Folter, Flucht und Furcht hinterlassen Narben in menschlichen Biografien. Heilung kann durch Kreativität erfolgen. So auch in Rönneburg und Sinstorf.

Nichts ist mehr wie es war. Geflüchtete haben alles verloren, ihre Heimat, ihre Kultur, oft auch ihre Lieben.

Der Schmerz durch den Abschied ist groß. Sie haben auf der Flucht Menschen sterben sehen, waren selbst in Todesgefahr, haben Angehörige durch Krieg und Terror verloren. Es bleibt die Ungewissheit, wann und ob man die Heimat und die Freunde wiedersehen wird. Die unklare Bleibeperspektive in Deutschland belastet zusätzlich. In der Flüchtlingsunterkunft in Rönneburg und Sinstorf hilft die Kunst heilen. Die von der Kunsttherapeutin Ulrike Hinrichs initiierte Künstlergruppe für Flüchtlinge trifft sich wöchentlich zum kreativen Schaffen. Die Gruppen werden gefördert durch das Bezirksamt Harburg.

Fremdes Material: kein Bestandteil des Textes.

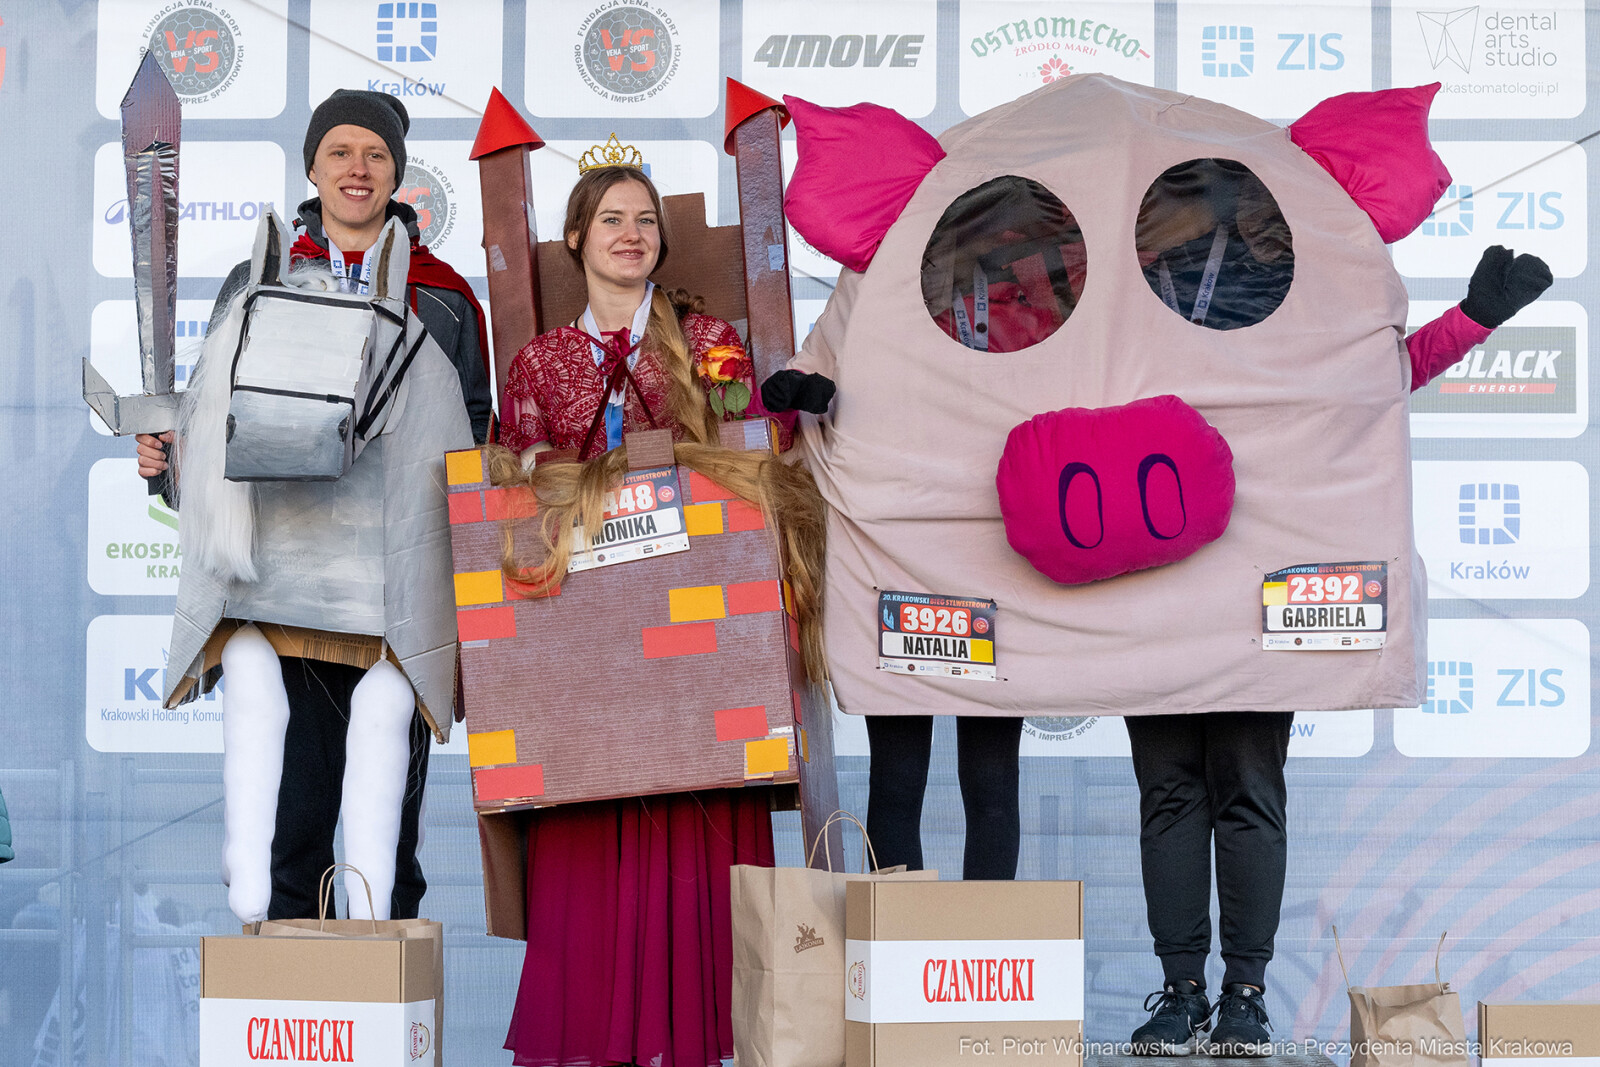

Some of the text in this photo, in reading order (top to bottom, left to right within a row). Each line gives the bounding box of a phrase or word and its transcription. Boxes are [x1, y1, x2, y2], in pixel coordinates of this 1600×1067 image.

Raed beispielsweise ist ein Chirurg aus Syrien. Er war im Gefängnis und wurde systematisch gefoltert. Die kreisrunden Narben auf der Haut, die von glühenden Zigaretten stammen, sind nur ein Zeichen dafür. Die seelischen Wunden sind von außen aber nicht sichtbar. „Das Bild zeigt ein Selbstportrait von Raed. Ich bringe jede Woche eine künstlerische Inspiration mit, diesmal war es die Idee ein Portrait zu malen. Selbstbildnisse bringen besondere Herausforderungen mit sich. Denn Portraitieren hat immer auch etwas mit dem Erforschen des eigenen Ichs zu tun. Für den Auftrag zu einem Portrait wird der Druck zur optimalen Selbstdarstellung oder auch die Scham sich zu zeigen dadurch gemildert, dass kein perfektes Abbild der Person zu erschaffen ist, sondern ein Gefühlsausdruck, eine Situation oder Stimmung wiedergeben werden soll. Das Portrait besteht bei diesen Werken eher aus einer Art Innenschau, ein Portrait des Innenlebens, als könne der Betrachter in den Kopf des Künstlers blicken. Mich hat das Werk von Raed sehr beeindruckt. Die Kunst kann Unsagbares zeigen, Sie baut auch eine Gesprächsbrücke und hilft bei der Verarbeitung des Grauens. Klarzustellen ist, dass ich keine Kunsttherapie in der Gruppe mache, dennoch aber an die heilende Kraft der Kunst glaube, die sich automatisch durch das kreative Schaffen einstellt. Raed, der nach seiner Aussage zuletzt als Kind gemalt hatte, sagte bei einem Gruppentreffen „art gives me freedom“. Anders als viele andere spricht er über seine Erlebnisse im Gefängnis. Das habe ich in dieser Offenheit in meiner jahrelangen Flüchtlingsarbeit bisher selten erlebt. Auch werden die Wunden der Geflüchteten nicht immer so sichtbar, wie in seinem Bild. Meine Erfahrung aber ist, dass die Kunst dabei hilft, Unaussprechliches sichtbar zu machen. Innere Bilder und fehlende Worte finden im kreativen Schaffen ihren Ausdruck. Die Kunst wirkt auf einer fühlenden, unbewussten Ebene und hilft heilen, und zwar auch ohne dass man darüber reflektiert. Unsere Intuition kennt den Weg der Verarbeitung von Erlebtem. Sie ist wie ein inneres Leitsystem und gibt dir die Richtung vor, bevor dein Verstand überhaupt etwas kapiert hat. Und die Kunst weckt die Intuition“, sagt Hinrichs, die zu dem Thema Kunst als Sprache der Intuition [1] auch ein Buch geschrieben hat.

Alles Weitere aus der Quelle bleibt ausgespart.